Towards Multi-Object-Tracking with Radar on a Fast Moving Vehicle: On the Potential of Processing Radar in the Frequency Domain

A team of researchers including Tim Hansen, Arturo Gomez-Chavez, Ilya Shimchik, and Andreas Birk has published a paper advocating for a fundamental shift in how radar data is processed for autonomous vehicles. Their research, titled "Towards Multi-Object-Tracking with Radar on a Fast Moving Vehicle: On the Potential of Processing Radar in the Frequency Domain," argues that moving from traditional feature-based methods to frequency-domain analysis offers superior robustness. This approach is particularly crucial in high-dynamic environments where a vehicle's own motion (ego-motion) combines with multiple other moving objects, creating a complex and noisy scene.
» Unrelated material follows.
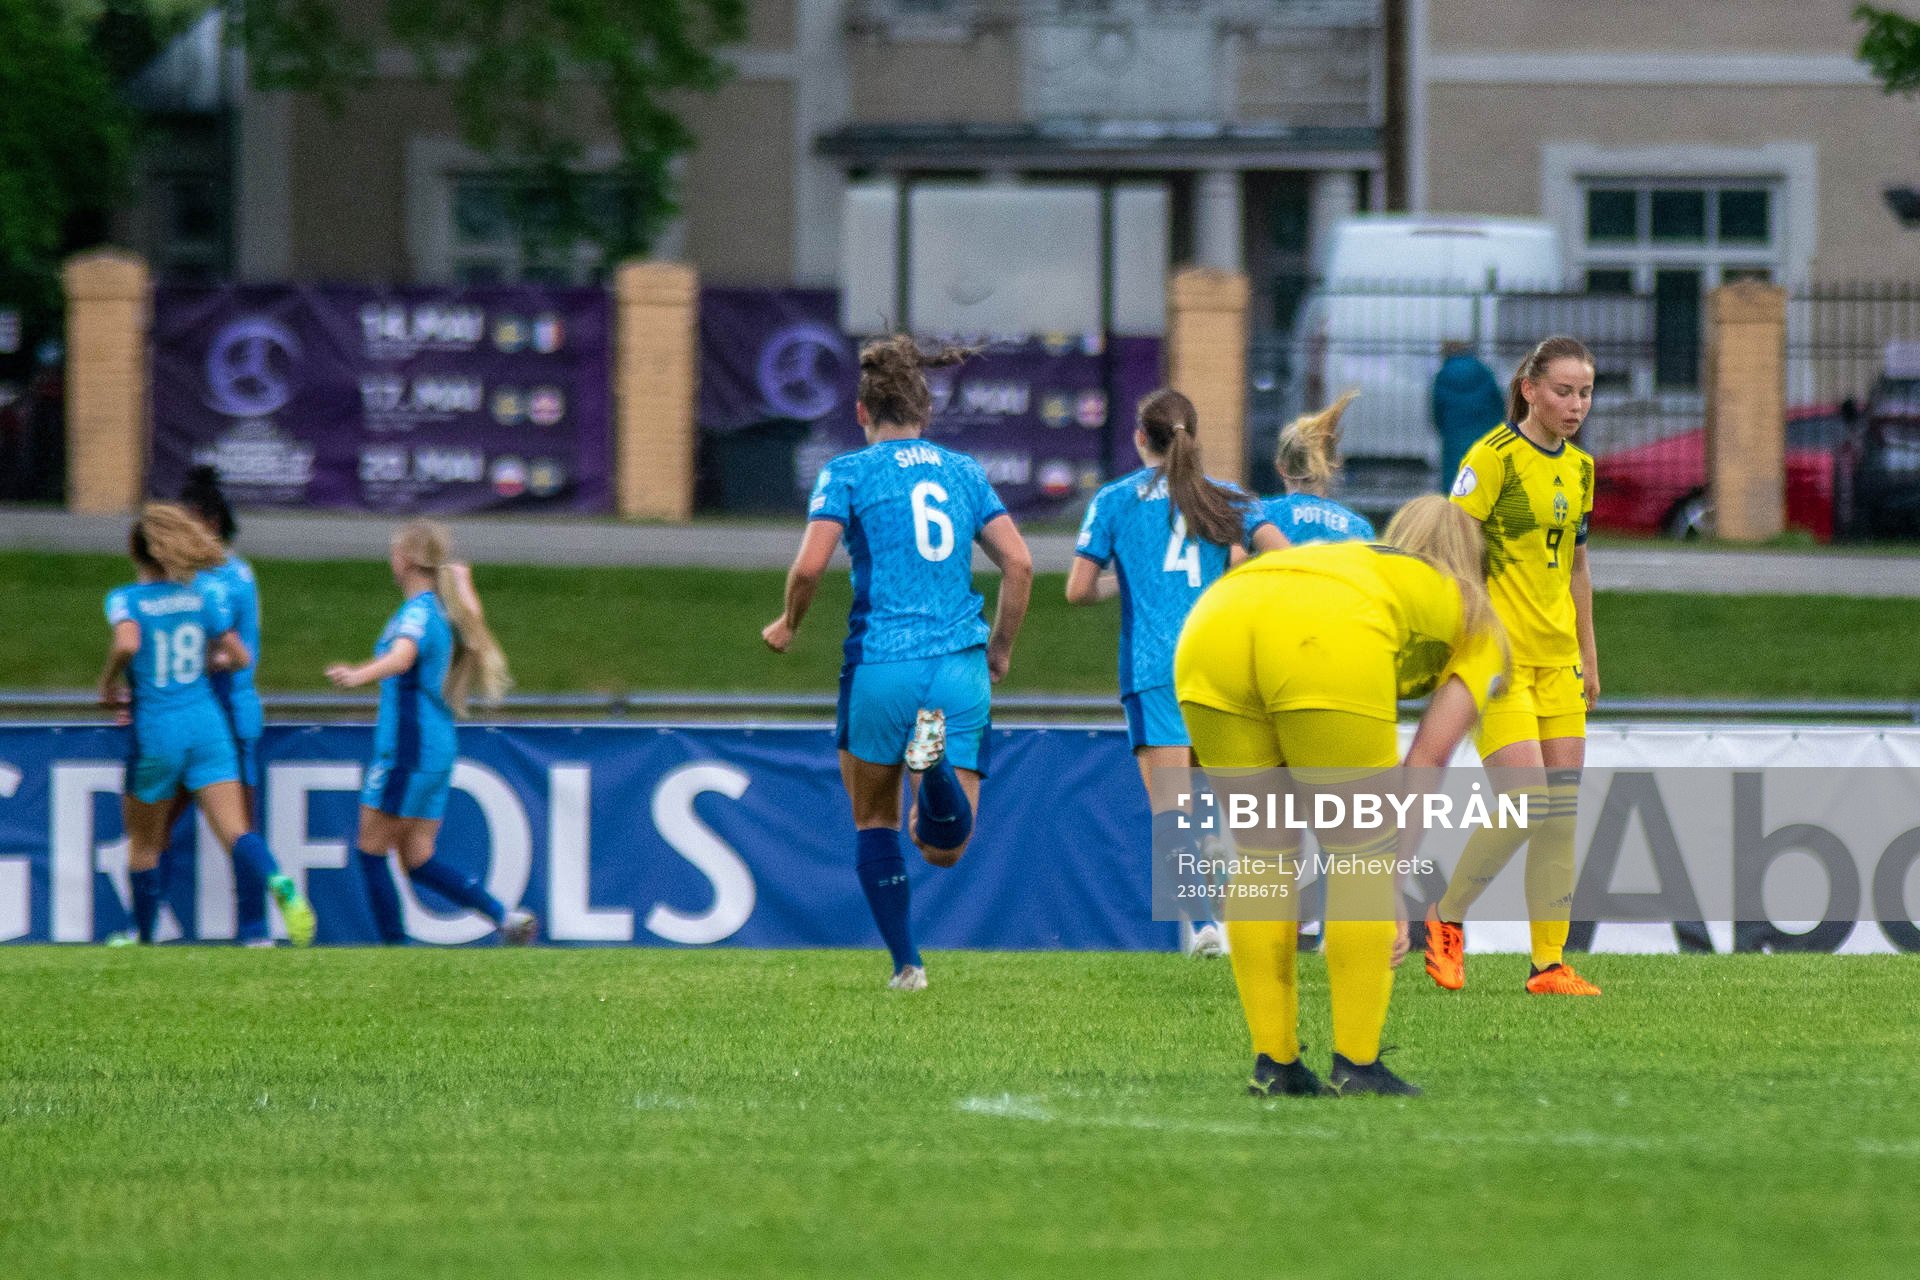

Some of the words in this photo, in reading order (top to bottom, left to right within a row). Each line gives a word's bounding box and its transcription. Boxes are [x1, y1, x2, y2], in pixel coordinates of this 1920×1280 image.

The frequency-domain processing provides inherent noise resistance and, as a key advantage, captures information about all moving structures simultaneously through underlying correlation methods used for tasks like registration.
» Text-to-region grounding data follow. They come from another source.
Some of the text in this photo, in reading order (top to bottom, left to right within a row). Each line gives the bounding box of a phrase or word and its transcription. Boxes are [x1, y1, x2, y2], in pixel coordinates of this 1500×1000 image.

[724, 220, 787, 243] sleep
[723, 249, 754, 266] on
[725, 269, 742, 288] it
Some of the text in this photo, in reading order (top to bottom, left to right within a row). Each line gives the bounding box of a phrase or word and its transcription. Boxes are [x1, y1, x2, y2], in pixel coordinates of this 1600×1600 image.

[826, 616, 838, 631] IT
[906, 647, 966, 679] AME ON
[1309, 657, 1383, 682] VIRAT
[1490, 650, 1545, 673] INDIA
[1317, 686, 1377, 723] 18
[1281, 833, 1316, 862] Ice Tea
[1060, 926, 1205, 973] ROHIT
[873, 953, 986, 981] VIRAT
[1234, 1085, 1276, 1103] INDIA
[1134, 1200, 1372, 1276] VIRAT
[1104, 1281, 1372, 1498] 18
To validate their claims, the researchers developed and tested an initial implementation called Fourier SOFT in 2D (FS2D). They demonstrated its capability for radar-only odometry—calculating a vehicle's movement using radar alone, without fusing data from other sensors like cameras or lidar. This proof-of-concept was tested using the Boreas dataset, a benchmark for all-weather autonomous driving research. The paper uses the demanding scenario of an autonomous racing overtaking maneuver as a motivating example, highlighting the method's potential to handle the extreme speeds and close-quarters tracking required. This work, available on arXiv under identifier 2604.14013, represents a significant exploration into making radar a more reliable and standalone perception modality for next-generation autonomy.